People who regularly practice self-affirmation may be better off emotionally, as suggested by a new study published in the Journal of Health Psychology.
People generally tend to view themselves positively, but what happens when someone or something threatens that positive self-perception?
“One coping strategy is self-affirmation, or focusing on one’s personal values and strengths,” said Amber Emanuel, corresponding author of the study.
“When people self-affirm, they…focus on the “big picture,” and appreciate the context of the threat as well as approach it more effectively,” Emanuel continued.
Scientists have hinted that self-affirmation may positively affect well-being, but most previous research has focused on “induced” affirmations. Few have examined spontaneous self-affirmations that come naturally. Also noteworthy is the fact that there is little demographic information regarding self-affirmation.

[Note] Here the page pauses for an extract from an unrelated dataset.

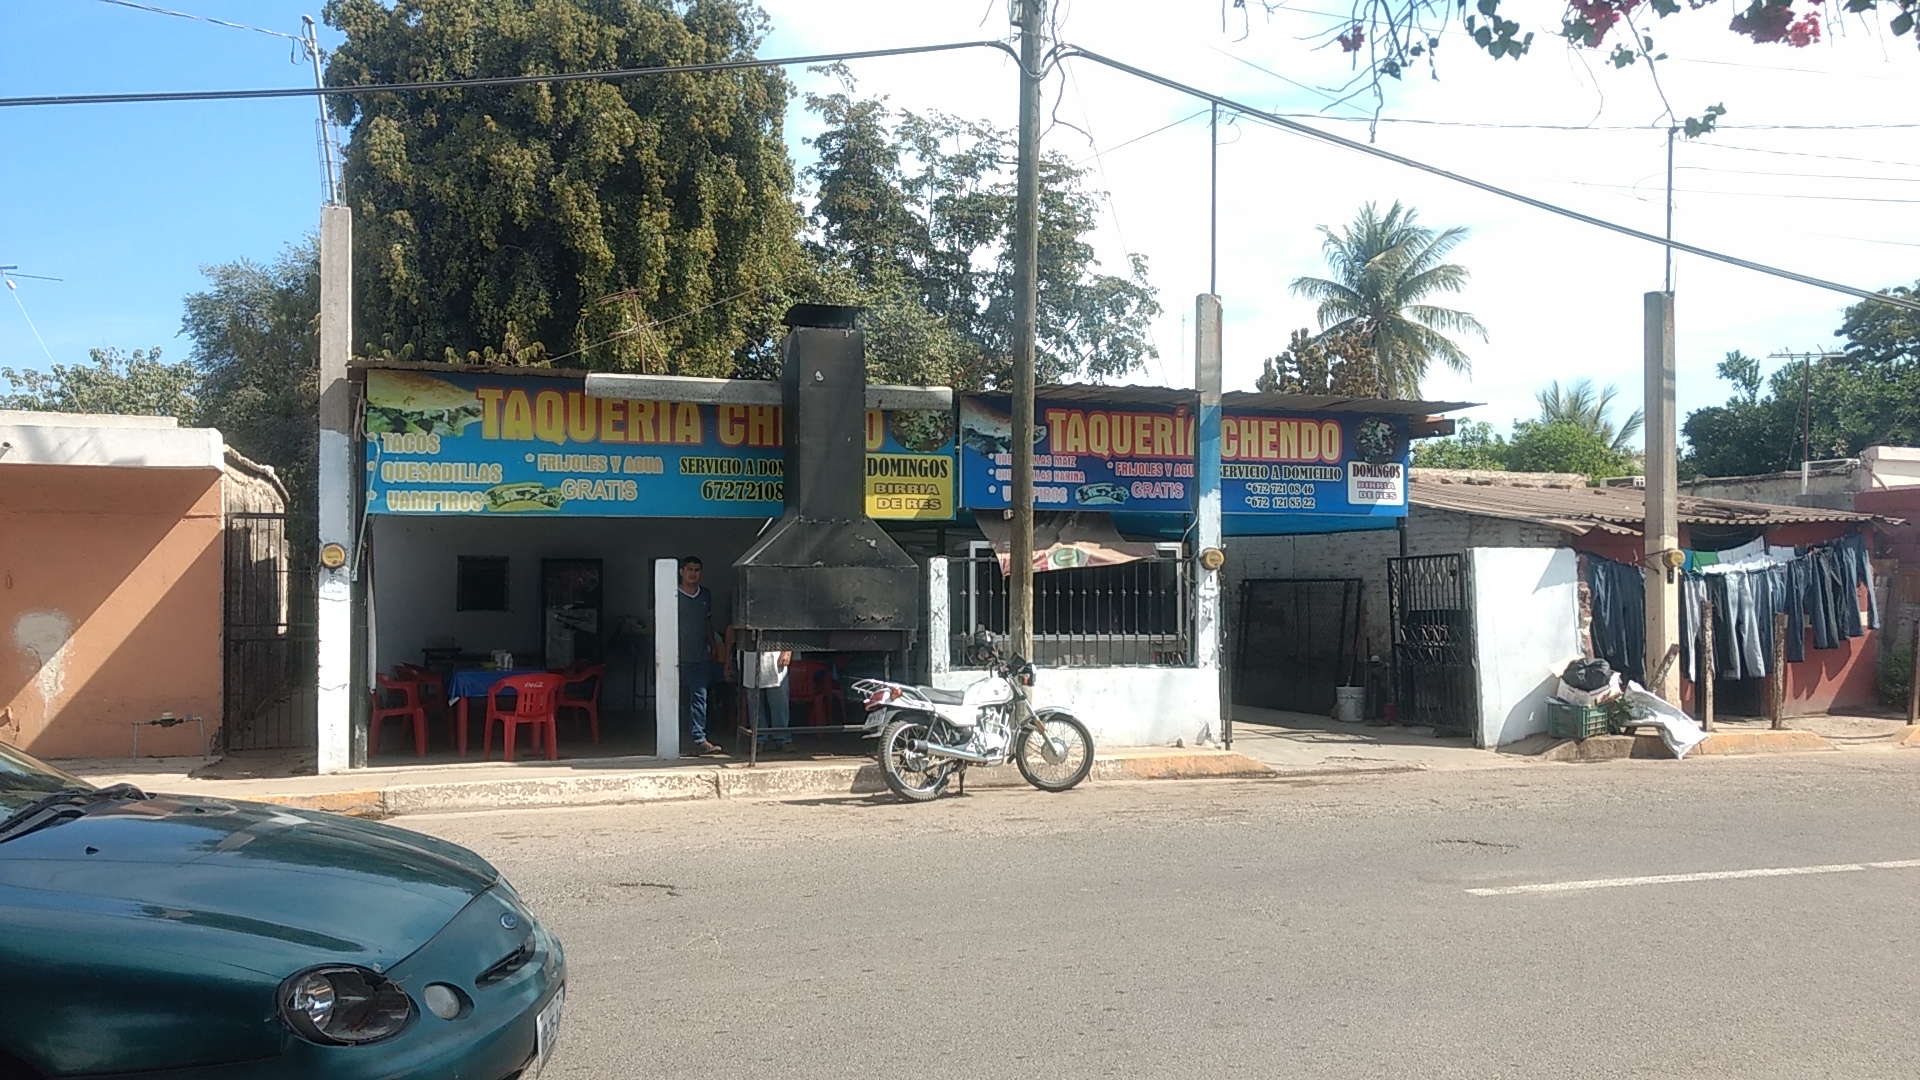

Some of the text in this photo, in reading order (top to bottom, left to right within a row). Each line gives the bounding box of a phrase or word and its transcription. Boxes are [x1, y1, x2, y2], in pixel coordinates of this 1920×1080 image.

3,185 participants completed a health information survey as well as a series of questionnaires about spontaneous self-affirmation and demographic information.
The results showed that overall, many participants reported spontaneously self-affirming at least some of the time. The respondents who regularly self-affirmed were more likely to report “better mental and physical well-being including greater happiness, hopefulness, optimism, personal health efficacy, and subjective health, and less sadness and anger,” according to Emanuel.
Data also showed that African-American and Hispanic participants were significantly more likely to engage in spontaneous self-affirmation than White participants. Additionally, older participants self-affirmed more frequently than younger participants.
“These results are promising,” said Emanuel. “The present research links prior work suggesting that self-affirmation is an effective psychological threat-management strategy.”